Après Sharad Pawar et Farooq Abdullah, Gopalkrishna Gandhi dit non à la demande de l’opposition de contester l’élection présidentielle

L’ancien gouverneur du Bengale occidental, Gopalkrishna Gandhi, est devenu lundi la troisième personne à refuser la demande des partis d’opposition d’être leur candidat à la présidence.

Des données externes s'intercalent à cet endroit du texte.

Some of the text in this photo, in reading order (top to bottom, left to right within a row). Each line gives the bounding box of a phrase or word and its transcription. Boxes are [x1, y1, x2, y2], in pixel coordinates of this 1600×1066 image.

Plus tôt, Parti du Congrès nationaliste le supremo Sharad Pawar et le président de la Conférence nationale Farooq Abdullah avaient refusé d’être le candidat conjoint de l’opposition à l’élection présidentielle qui devait se tenir le 18 juillet.

Dans un communiqué publié lundi, Gandhi a déclaré : « Après avoir examiné la question en profondeur, je vois que le candidat de l’opposition devrait être celui qui générera un consensus national et une atmosphère nationale à côté de l’unité de l’opposition. Je sens qu’il y en aura d’autres qui le feront bien mieux que moi. Et j’ai donc demandé aux dirigeants de donner l’opportunité à une telle personne.

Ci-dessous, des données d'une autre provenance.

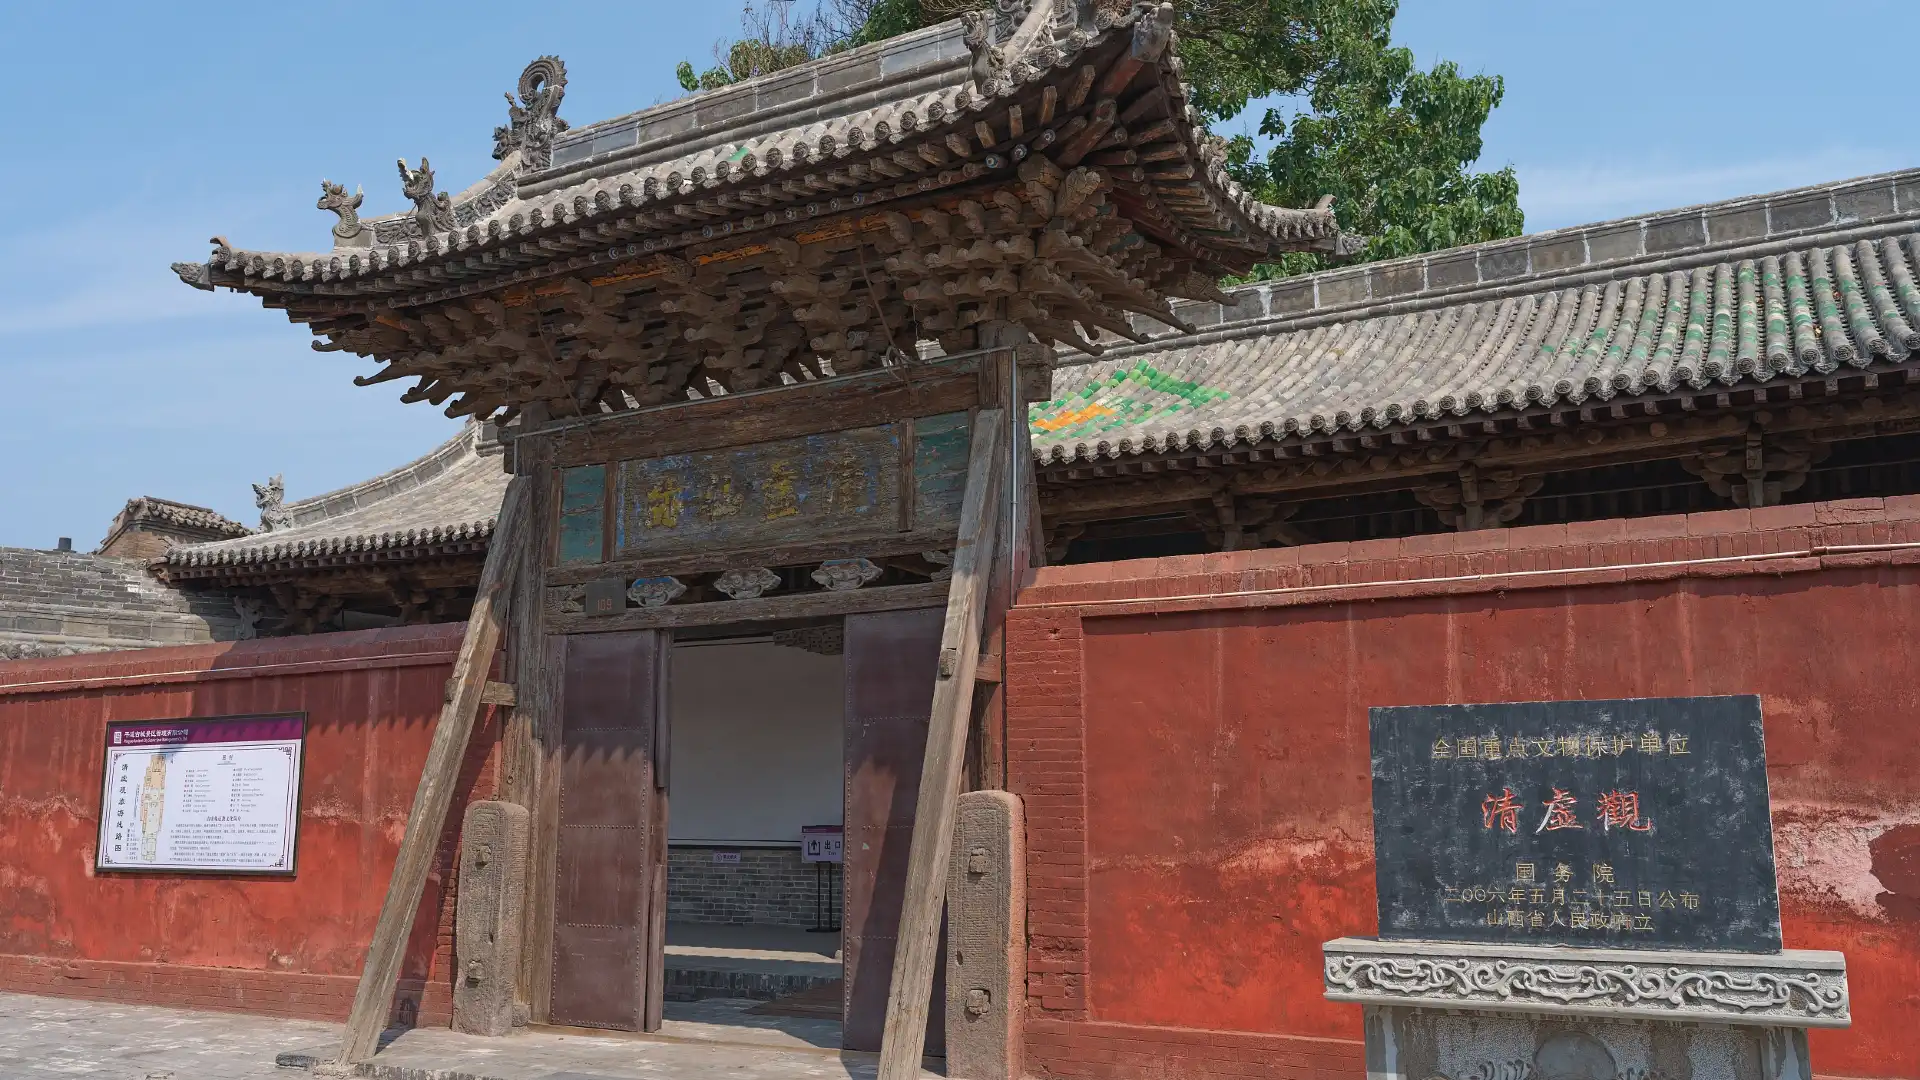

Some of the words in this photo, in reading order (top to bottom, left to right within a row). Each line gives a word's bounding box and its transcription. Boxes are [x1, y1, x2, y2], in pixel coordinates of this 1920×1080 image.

[1431, 734, 1691, 759] 全国重点文物保护单位
[824, 840, 841, 850] 出口
[1515, 862, 1615, 883] 国务院
[1486, 908, 1654, 931] 山西省人民政府立

“Et j’ai donc demandé aux dirigeants de donner l’opportunité à une telle personne. Que l’Inde obtienne un président digne de la fonction annoncée par Rajaji en tant que dernier gouverneur général et inauguré par le Dr Rajendra Prasad en tant que premier président », a ajouté l’ancien diplomate, qui est également le petit-fils du Mahatma Gandhi.

L’annonce de Gandhi intervient un jour avant le deuxième tour de discussions de l’opposition le 21 juin pour finaliser un candidat de consensus.

Même en 2017, le camp de l’opposition avait voulu présenter Gandhi comme candidat à la présidence, mais la décision de l’Alliance nationale démocratique (NDA) de choisir Ram Nath Kovind comme visage avait forcé à repenser. Finalement, l’opposition a présenté Meira Kumar, ancienne porte-parole de la Lok Sabha, également dalit comme Kovind.